WORK ORDER:
Copy each line below exactly as it appears. Pictures are to be omitted.
<<<<
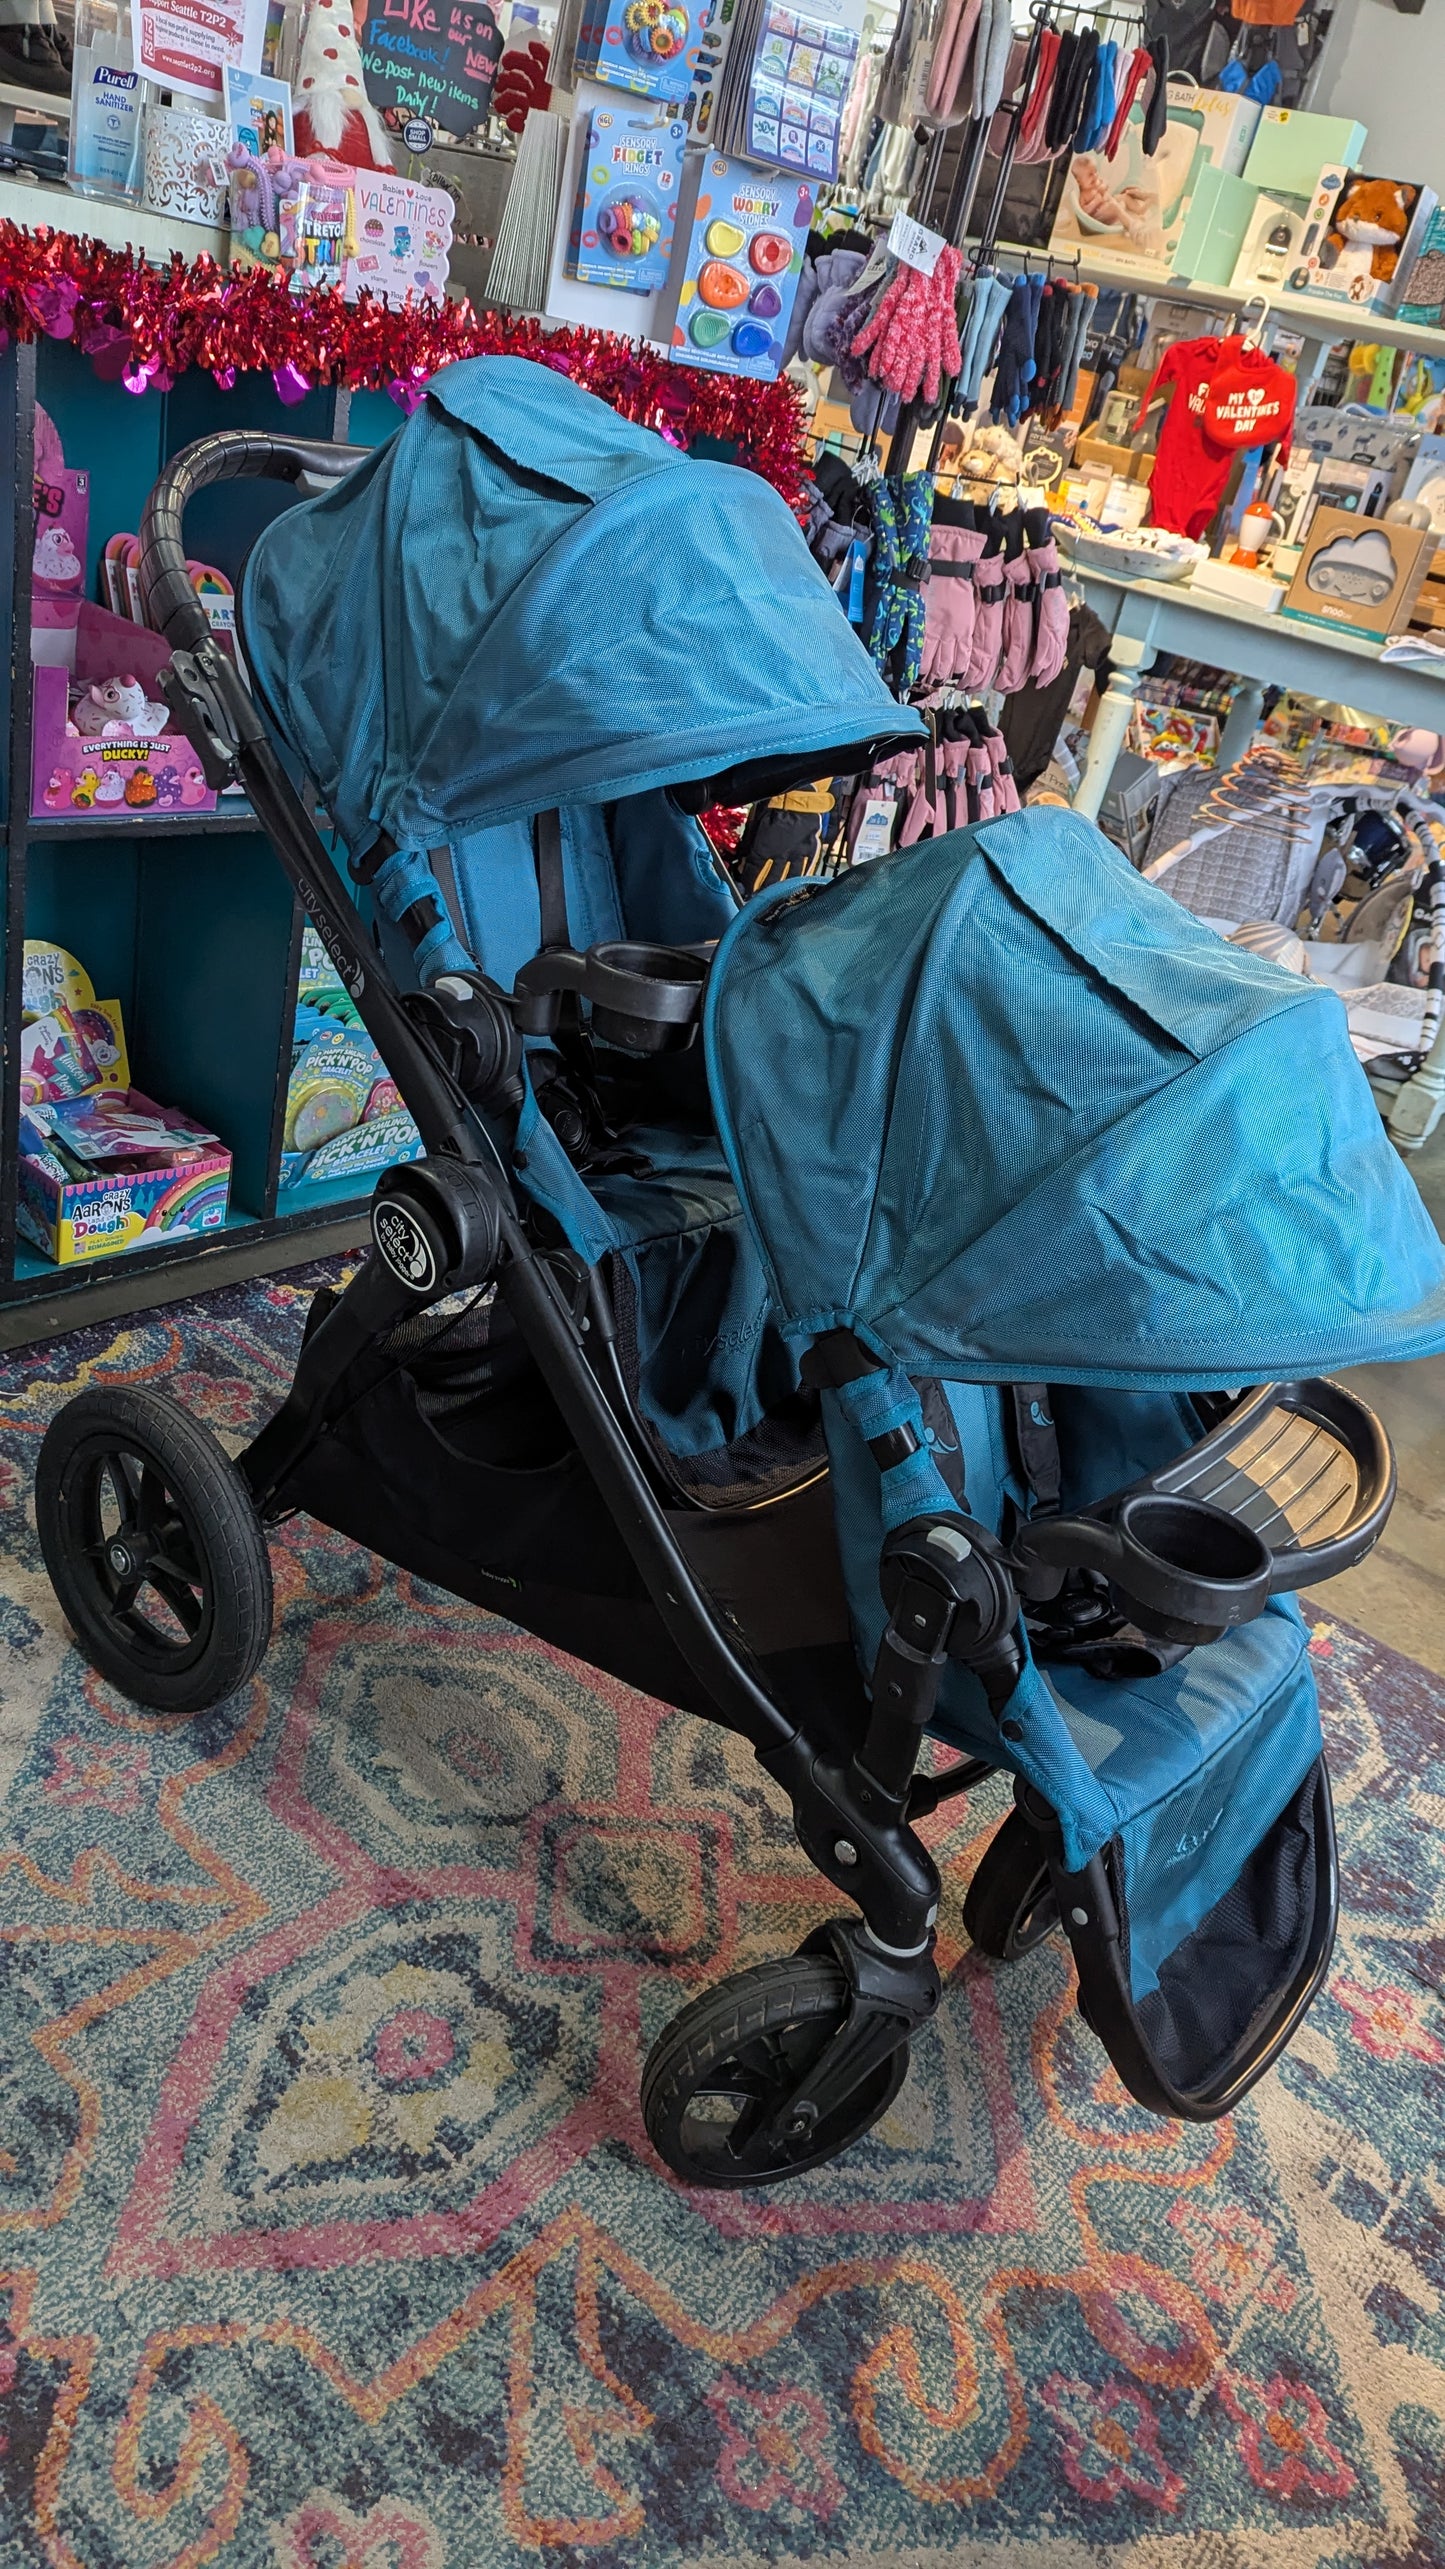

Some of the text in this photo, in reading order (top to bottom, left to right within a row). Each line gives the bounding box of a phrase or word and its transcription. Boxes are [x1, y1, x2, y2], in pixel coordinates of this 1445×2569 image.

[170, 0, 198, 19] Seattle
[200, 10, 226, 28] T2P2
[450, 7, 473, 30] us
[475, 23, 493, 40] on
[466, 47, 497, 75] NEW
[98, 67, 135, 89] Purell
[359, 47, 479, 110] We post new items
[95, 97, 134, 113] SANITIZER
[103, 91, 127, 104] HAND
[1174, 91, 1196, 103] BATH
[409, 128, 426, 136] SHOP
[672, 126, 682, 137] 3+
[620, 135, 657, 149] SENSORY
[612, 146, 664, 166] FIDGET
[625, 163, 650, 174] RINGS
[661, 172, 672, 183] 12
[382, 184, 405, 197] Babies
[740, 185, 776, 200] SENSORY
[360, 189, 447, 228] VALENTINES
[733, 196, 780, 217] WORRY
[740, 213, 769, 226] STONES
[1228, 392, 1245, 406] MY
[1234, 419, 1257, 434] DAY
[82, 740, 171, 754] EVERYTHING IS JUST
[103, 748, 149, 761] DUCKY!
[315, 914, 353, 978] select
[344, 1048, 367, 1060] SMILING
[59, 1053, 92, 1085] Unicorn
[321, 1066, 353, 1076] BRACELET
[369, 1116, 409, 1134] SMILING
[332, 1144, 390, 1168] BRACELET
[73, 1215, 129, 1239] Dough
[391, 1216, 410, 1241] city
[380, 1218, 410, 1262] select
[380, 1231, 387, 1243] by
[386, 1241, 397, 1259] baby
>>>>
EXPECTED ANSWER:
Some of the text in this photo, in reading order (top to bottom, left to right within a row). Each line gives the bounding box of a phrase or word and its transcription. Boxes are [x1, y1, x2, y2], in pixel coordinates of this 1445×2569 image.

[170, 0, 198, 19] Seattle
[200, 10, 226, 28] T2P2
[450, 7, 473, 30] us
[475, 23, 493, 40] on
[466, 47, 497, 75] NEW
[98, 67, 135, 89] Purell
[359, 47, 479, 110] We post new items
[95, 97, 134, 113] SANITIZER
[103, 91, 127, 104] HAND
[1174, 91, 1196, 103] BATH
[409, 128, 426, 136] SHOP
[672, 126, 682, 137] 3+
[620, 135, 657, 149] SENSORY
[612, 146, 664, 166] FIDGET
[625, 163, 650, 174] RINGS
[661, 172, 672, 183] 12
[382, 184, 405, 197] Babies
[740, 185, 776, 200] SENSORY
[360, 189, 447, 228] VALENTINES
[733, 196, 780, 217] WORRY
[740, 213, 769, 226] STONES
[1228, 392, 1245, 406] MY
[1234, 419, 1257, 434] DAY
[82, 740, 171, 754] EVERYTHING IS JUST
[103, 748, 149, 761] DUCKY!
[315, 914, 353, 978] select
[344, 1048, 367, 1060] SMILING
[59, 1053, 92, 1085] Unicorn
[321, 1066, 353, 1076] BRACELET
[369, 1116, 409, 1134] SMILING
[332, 1144, 390, 1168] BRACELET
[73, 1215, 129, 1239] Dough
[391, 1216, 410, 1241] city
[380, 1218, 410, 1262] select
[380, 1231, 387, 1243] by
[386, 1241, 397, 1259] baby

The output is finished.